Im Beet direkt am Waldrand wählte ich Gräser und Hostas und Farne und zur Auflockerung Pflanzen mit weißen Blüten, da sie vor dem dunklen Wald gut zur Geltung kommen.
Gräser für den halbschattigen Bereich:
Flaschenbürstengras Hystrix patula, Reitgras Calamagrotis acutiflora "Karl Foerster", Rutenhirse Panicum virgatum "Heiliger Hain"
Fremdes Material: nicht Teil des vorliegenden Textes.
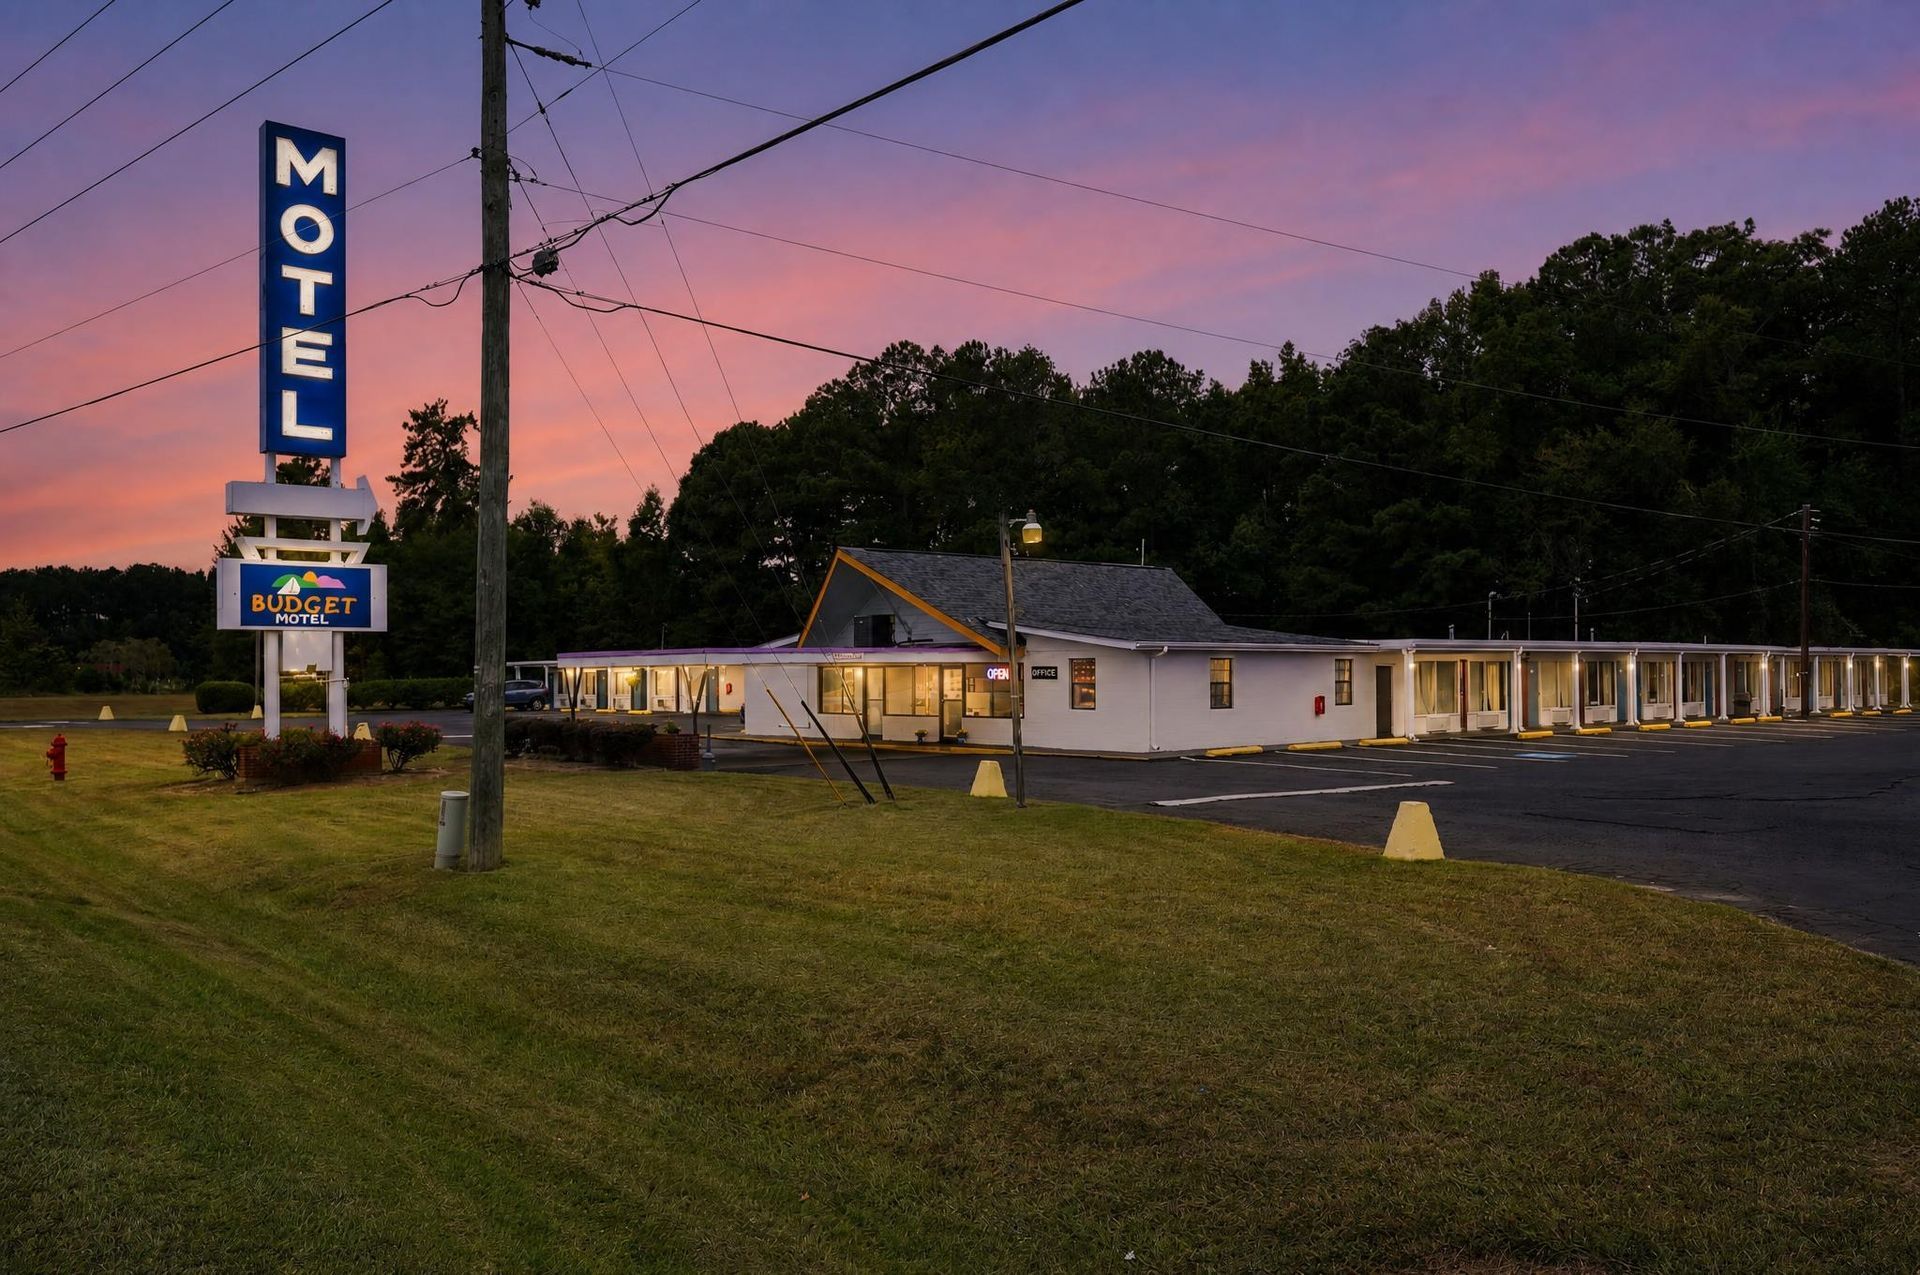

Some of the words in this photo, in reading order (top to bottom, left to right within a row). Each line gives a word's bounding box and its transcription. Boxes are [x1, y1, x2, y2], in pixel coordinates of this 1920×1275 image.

[275, 136, 338, 441] MOTEL
[251, 594, 358, 614] BUDGET
[275, 613, 329, 625] MOTEL
[987, 668, 1009, 680] OPEN
[1032, 669, 1056, 677] OFFICE
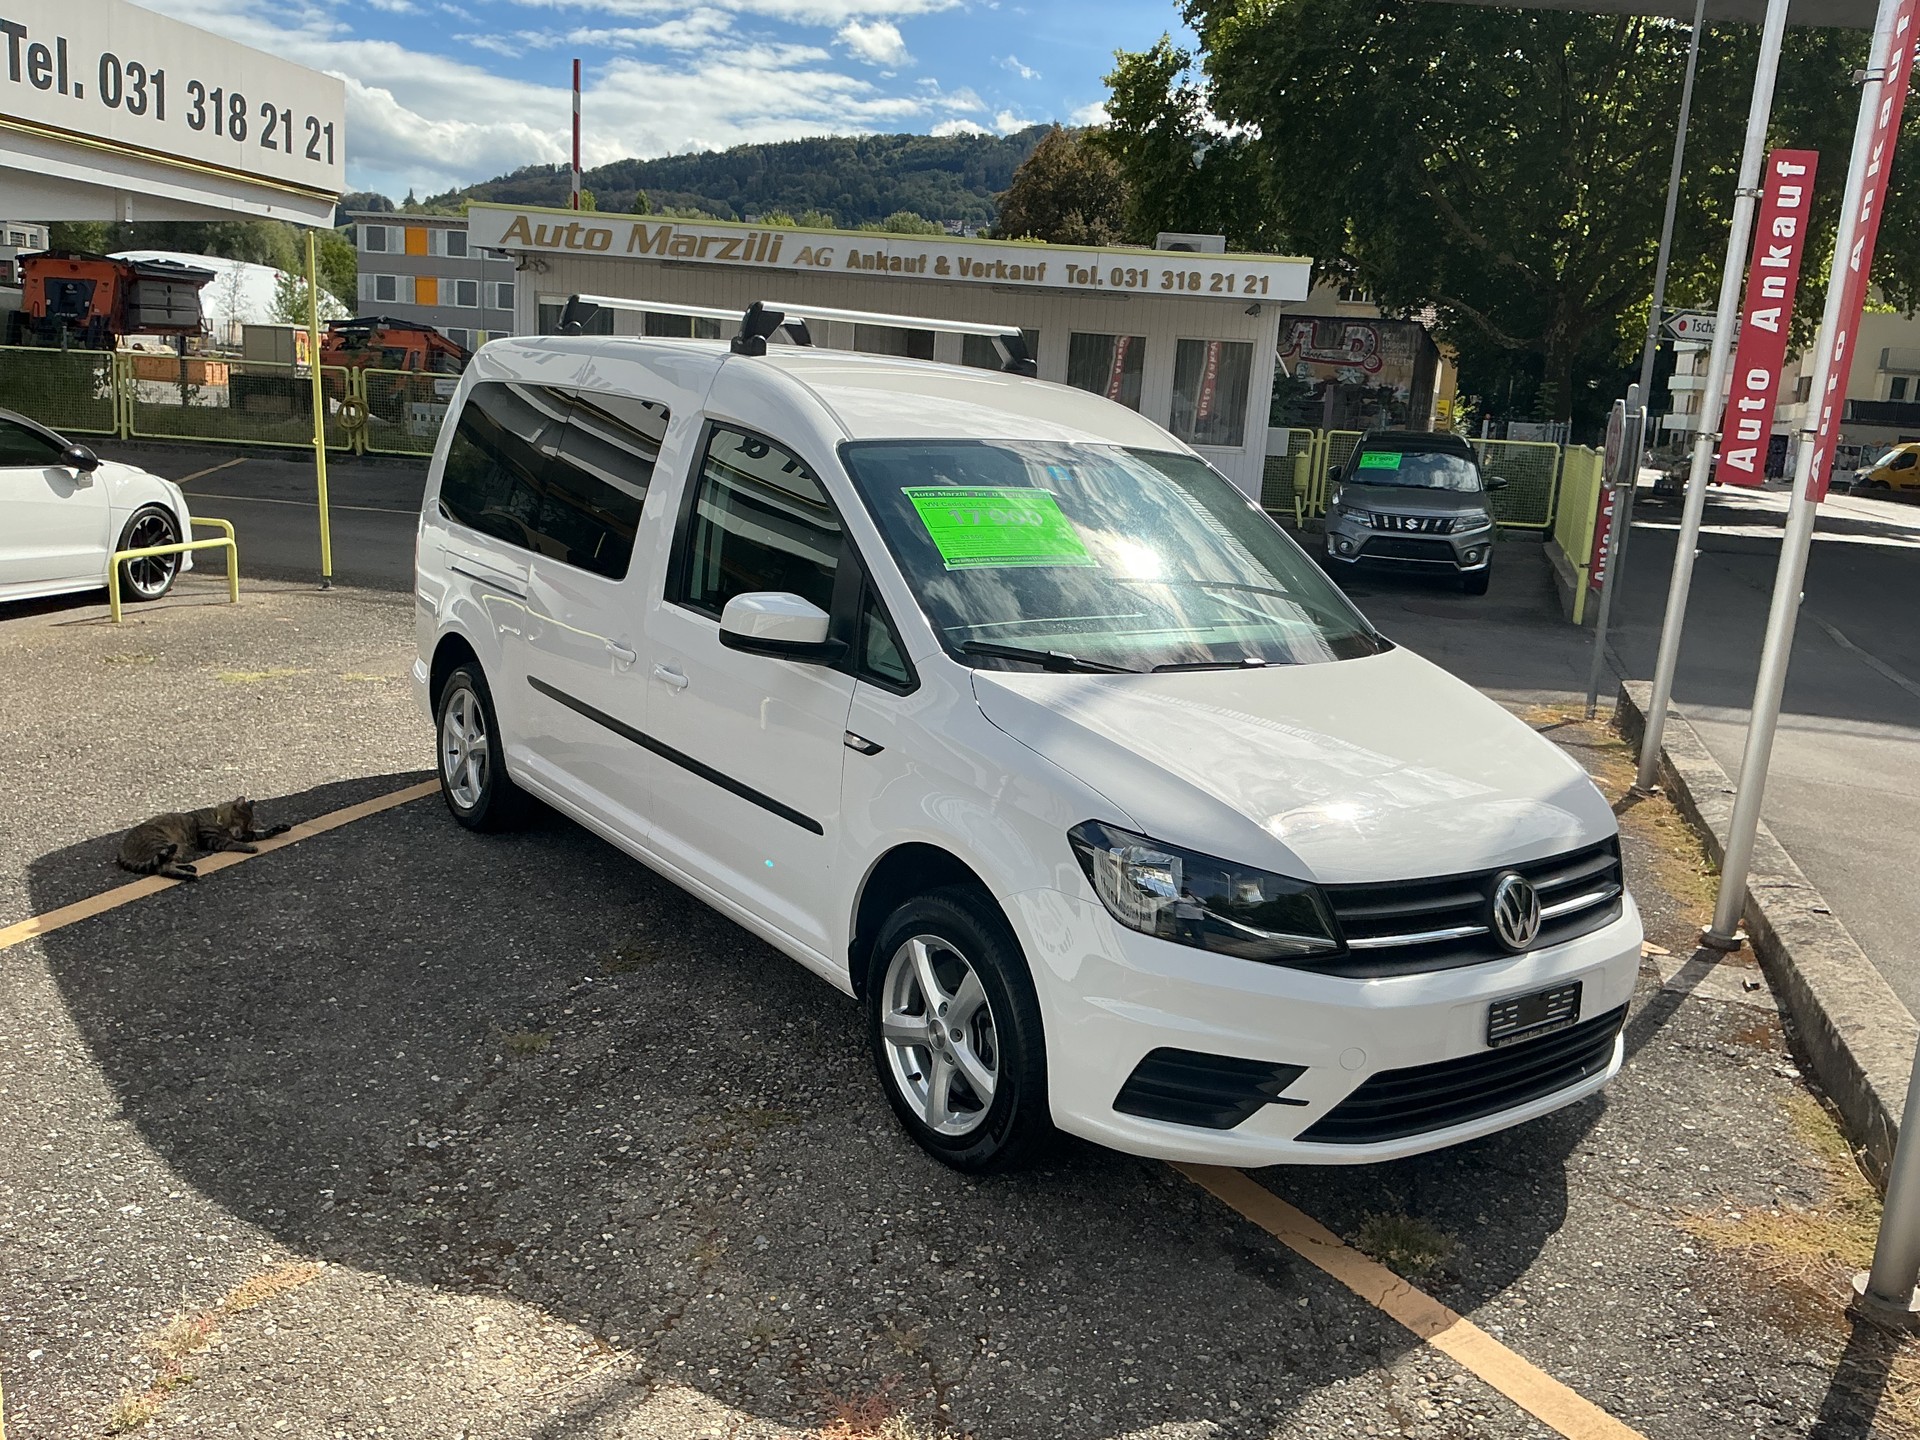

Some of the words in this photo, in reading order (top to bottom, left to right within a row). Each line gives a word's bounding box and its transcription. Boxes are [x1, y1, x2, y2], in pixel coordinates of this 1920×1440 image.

[0, 18, 84, 100] Tel.
[99, 52, 165, 121] 031
[186, 79, 247, 142] 318
[260, 102, 292, 154] 21
[305, 115, 334, 165] 21
[499, 215, 613, 251] Auto
[626, 223, 784, 263] Marzili
[793, 246, 834, 267] AG
[846, 250, 927, 273] Ankauf
[934, 255, 951, 275] &
[957, 256, 1047, 281] Verkauf
[1065, 264, 1103, 285] Tel.
[1110, 267, 1149, 288] 031
[1161, 270, 1202, 291] 318
[1209, 273, 1235, 293] 21
[1243, 275, 1269, 295] 21
[1726, 367, 1770, 473] Auto
[1750, 160, 1806, 334] Ankauf
[1811, 330, 1847, 484] Auto
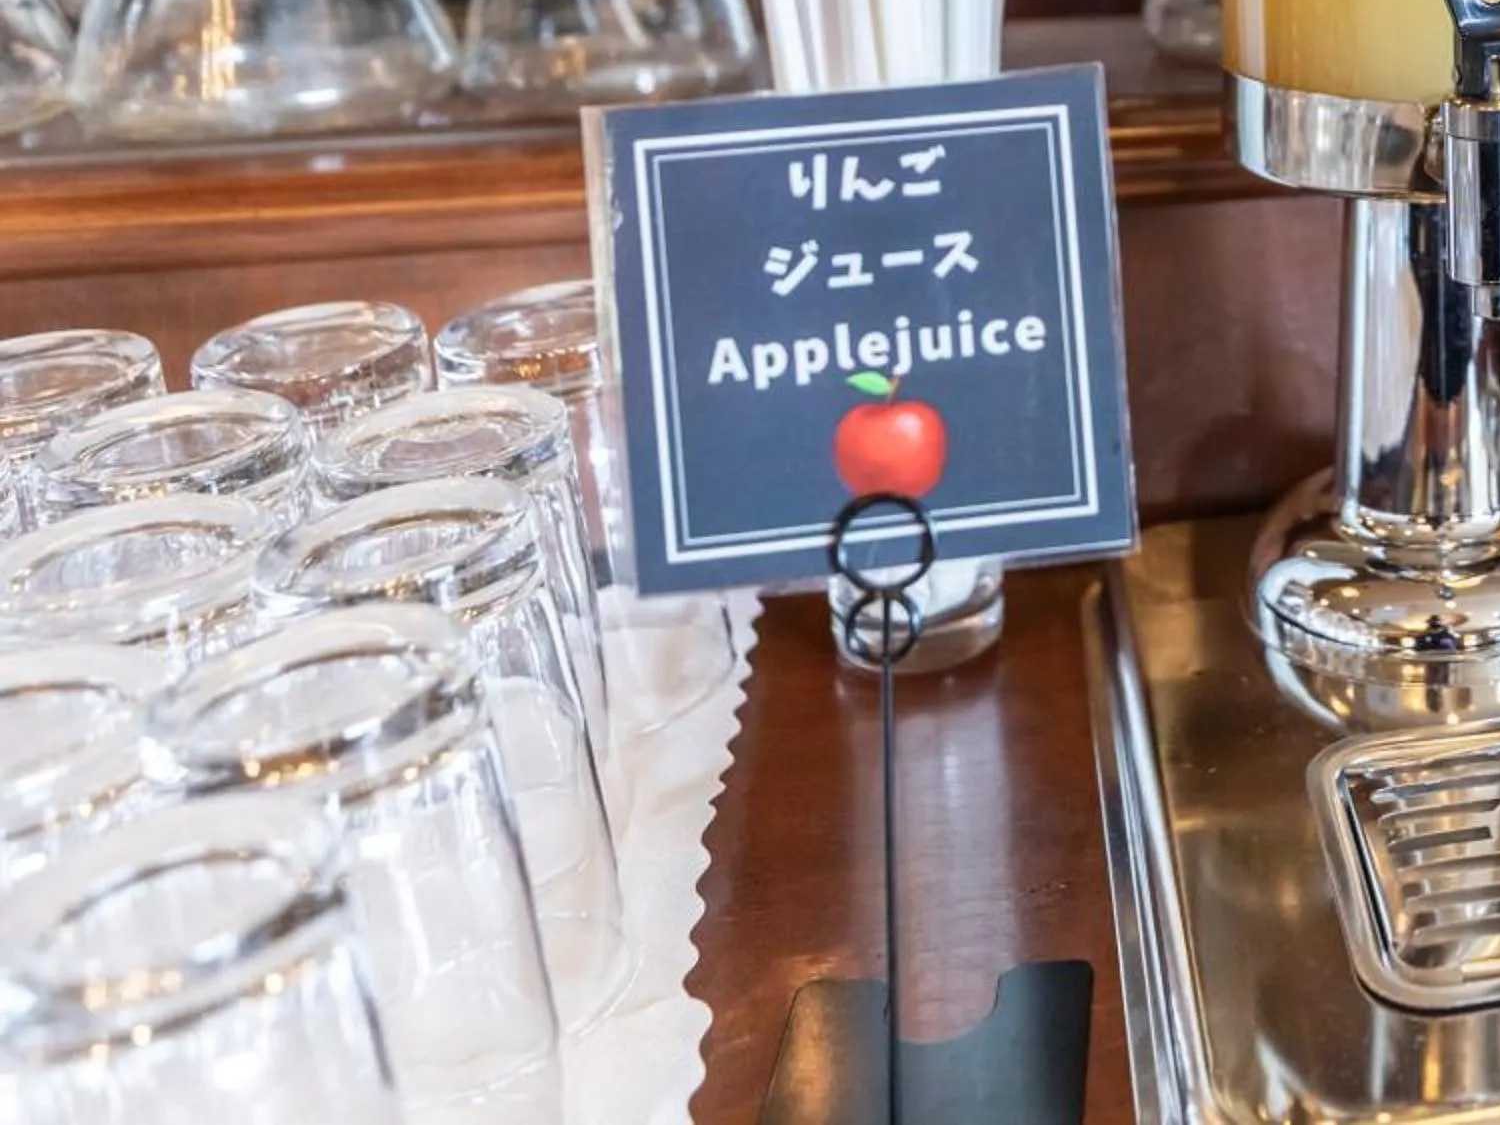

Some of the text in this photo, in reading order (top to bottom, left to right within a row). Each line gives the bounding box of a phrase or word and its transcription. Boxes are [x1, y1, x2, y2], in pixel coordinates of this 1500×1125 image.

[788, 145, 946, 209] りんご
[763, 231, 978, 296] ジュース
[708, 310, 1046, 389] Applejuice
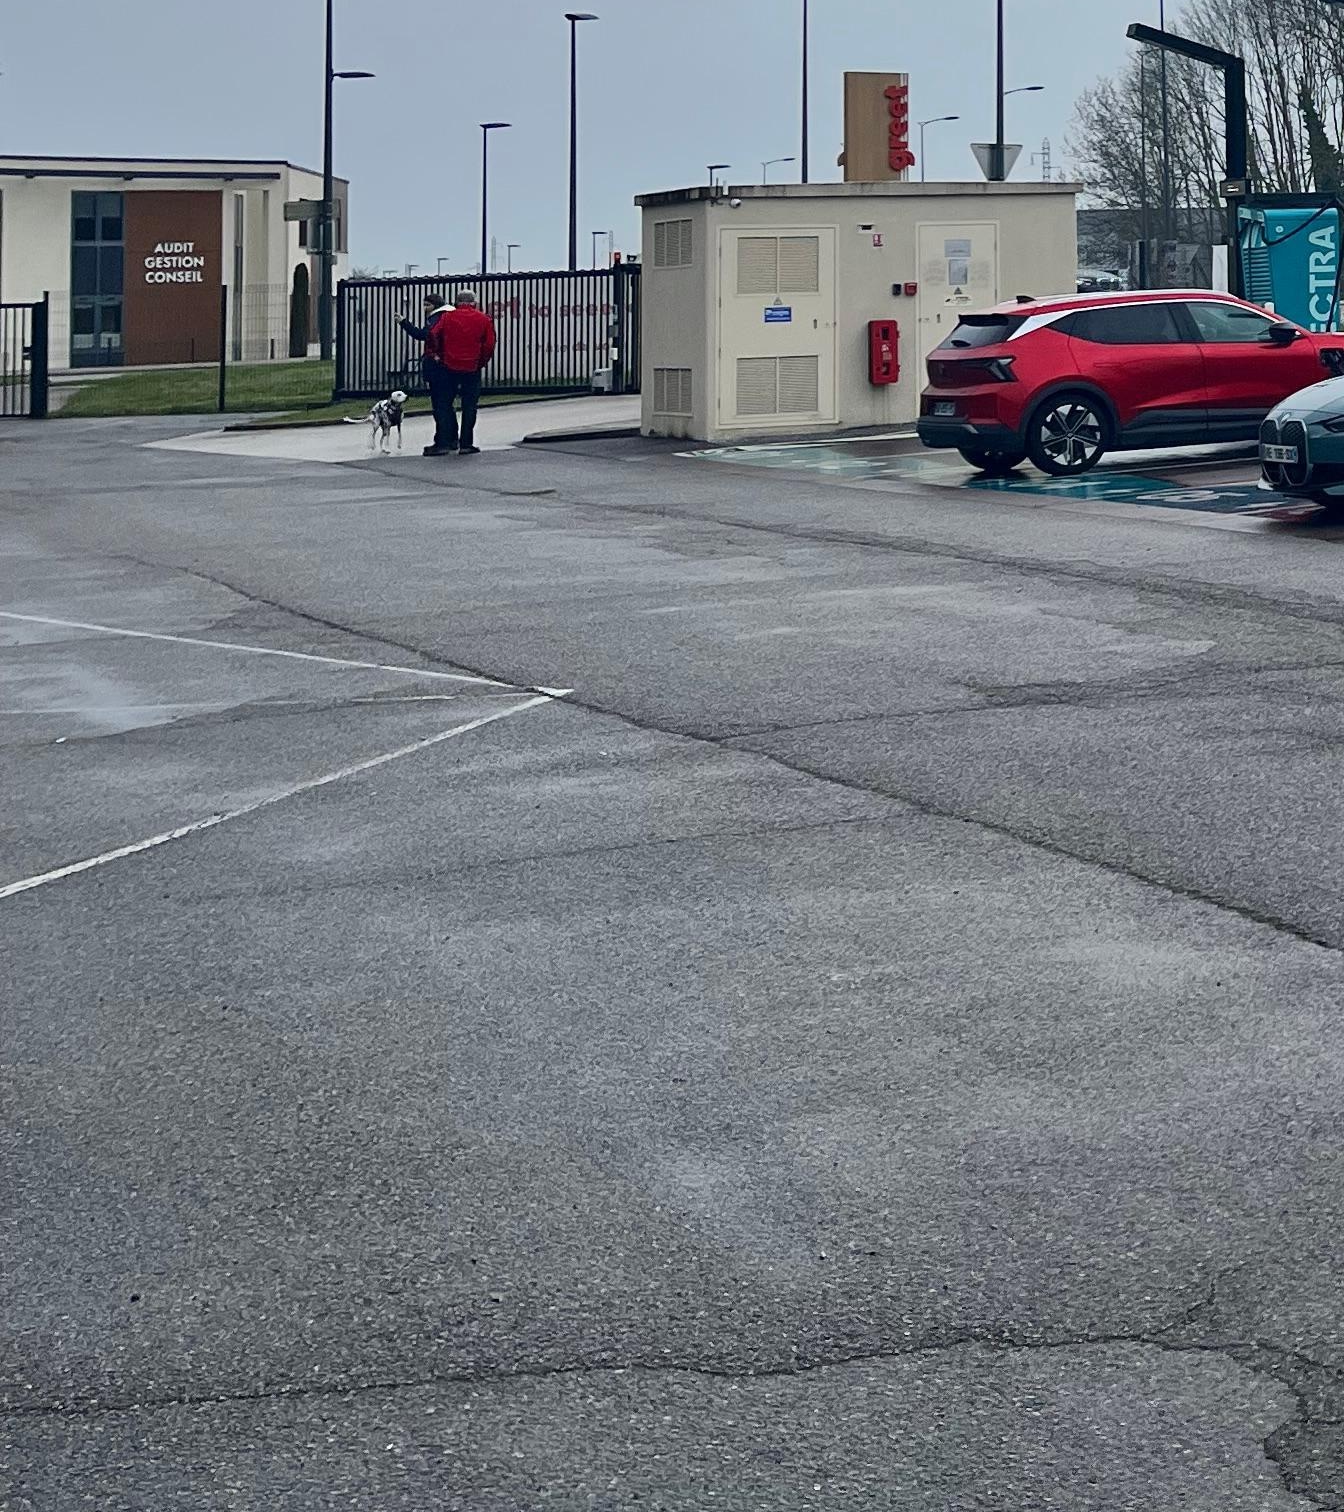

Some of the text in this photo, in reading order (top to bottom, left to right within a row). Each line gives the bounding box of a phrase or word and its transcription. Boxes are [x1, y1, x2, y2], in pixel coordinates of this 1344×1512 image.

[883, 85, 915, 172] greet
[154, 242, 194, 253] AUDIT
[144, 256, 204, 268] GESTION
[145, 271, 203, 283] CONSEIL
Hostas, die sonnenverträglich sind:
Hosta Guacamole, Queen of the Seas, Sugar and Cream, Green Acres, Regal Splendor, Fragrant Bouquet, plantaginea ‘Aphrodite’, Krossa Regal, Fortunei Aureomarginata
weißblühende Stauden:
Thalictrum delavayi `Album´, Rittersporn "Galahad", weise jap. Anemonen "Honorine Jobert, weißer Phlox und Tränendes Herz.Farne für den Halbschatten:
Goldschupenfarn "Dryopteris affinis", Sichelfarn od. Kleiner Ilexfarn"Cyrtomium fortunei clivicola", Rippenfarn "Blechnum spicant", Filigranfarn und Pfauenradfarn
Da im Frühjahr noch alles so nackt war hab ich ein Tütchen weißer Mohn an Ort und Stelle ausgesät. Nun bringt er ein wenig Chaos ins Beet aber die zarten weißen Blüten begeistern mich.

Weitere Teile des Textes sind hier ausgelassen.